1) read the book "Asperger syndrome and Difficult Moments". Give the school a copy too.
2) Ask for a behavior support plan asap. He does not need to be on an IEP to have one. It is like an alternative discipline (with the focus on positive behavior supports) for an individual. It goes step by step through what they will do to help him manage his behavior, etc. Having them do "How does your engine run" at school if it is deemed something that will help may even be part of it. It is a combined effort type document to figure out how to address his behaviors positively.
3) If he isn't on an IEP start the testing for one and in the mean time have him put on a 504 plan. A 504 is from the rehabilitation act and is basically accomodations and modifications for students with disabilities. Often kids who have disabilities but don't qualify for a full IEP will have a 504 plan. As part of that he would have the behavior support plan as well as more protection against suspensions, etc.
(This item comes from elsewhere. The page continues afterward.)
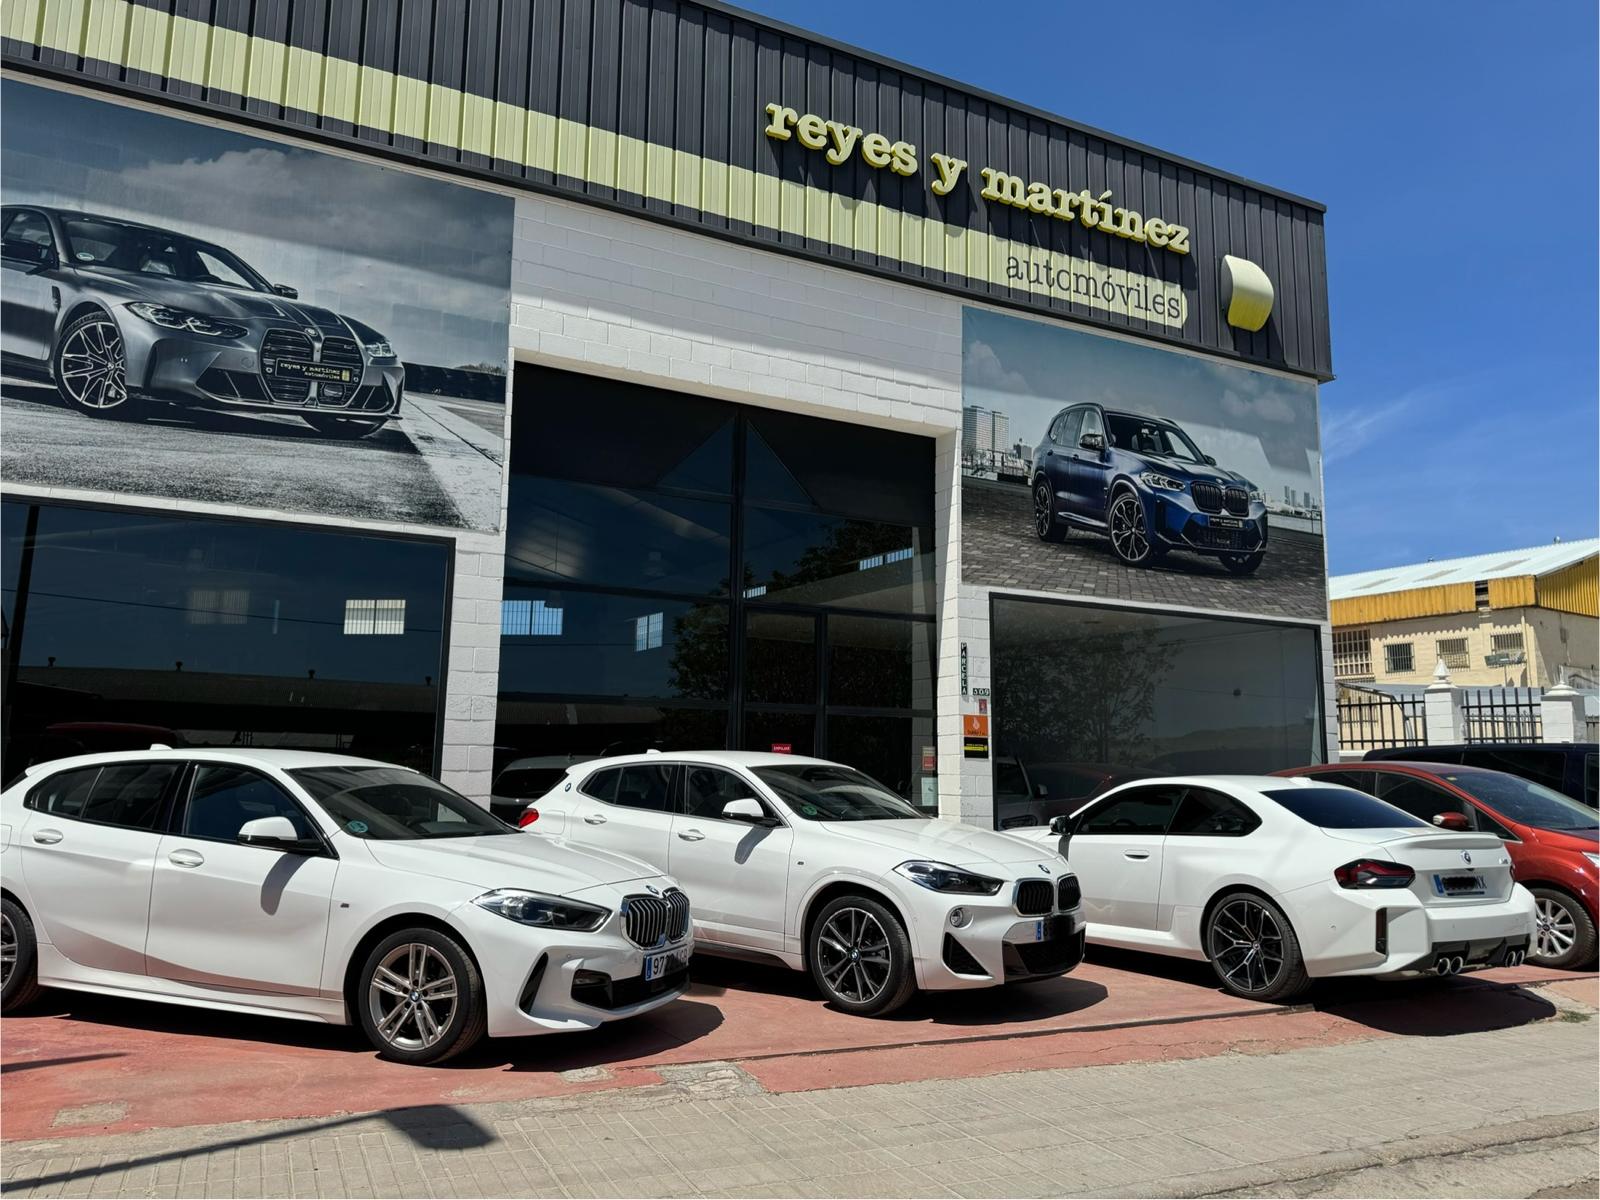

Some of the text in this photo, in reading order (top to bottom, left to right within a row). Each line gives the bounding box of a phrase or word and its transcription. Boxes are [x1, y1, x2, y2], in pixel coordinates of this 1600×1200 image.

[765, 102, 1190, 255] reyes y martínez
[1006, 256, 1181, 319] automóviles
Suspensions for kids with disabilities is more of a protection under IDEA (federal special education law) and would really more apply if he was on an IEP. There are some protections for kids regarding discipline when the behavior problem is a manifestation of their disability. There is more info on that at wrightslaw dot com. Not sure but the same protections are possibly available through 504.
Renee
Regarding the suspension thing, it may be true that they see it as a consequence, but you have every right to have discipline modifications written into the IEP...and I'd do it in a heartbeat. Shoot...where is that website that has all of the sample IEP goals and modifications. (Paula, Renee- do you remember?) I think it's on the Wright's Law website.
Something to remember about our spectrum kiddos, no matter how smart they are, socially, school is hard. If they find out that they can "miss school" when they misbehave, it's not uncommon for them to do it. Similar to a NT child who pretends to be sick in order to miss a test.
Amy
Hi Amy,
And thanks for your suggestions. We did have a stress ball last year but it got ruined. I usually only see them around the holidays for like stocking stuffers. Where else can I buy one? Raising a red card is a great idea. The principal told my son all he has to do is raise his hand and he could leave the room and go see her or his mentor, his fourth grade teacher from last year. Don't know if he will follow through, he does have a tough time speaking up.
I did buy him a journal yesterday and he did draw and write in there. He struggles with writing, will only do it sometimes but draws too to get his feelings out. I told him to do it every night just to help with his feelings.
There's just so much to research and so little time. I just found out my 3mo old daughter has bronchitis today - she's on tons of meds and I feel so bad. It's hard to fit in the special needs kids and all the IEP, etc stuff with a sick baby. Please keep her in your prayers!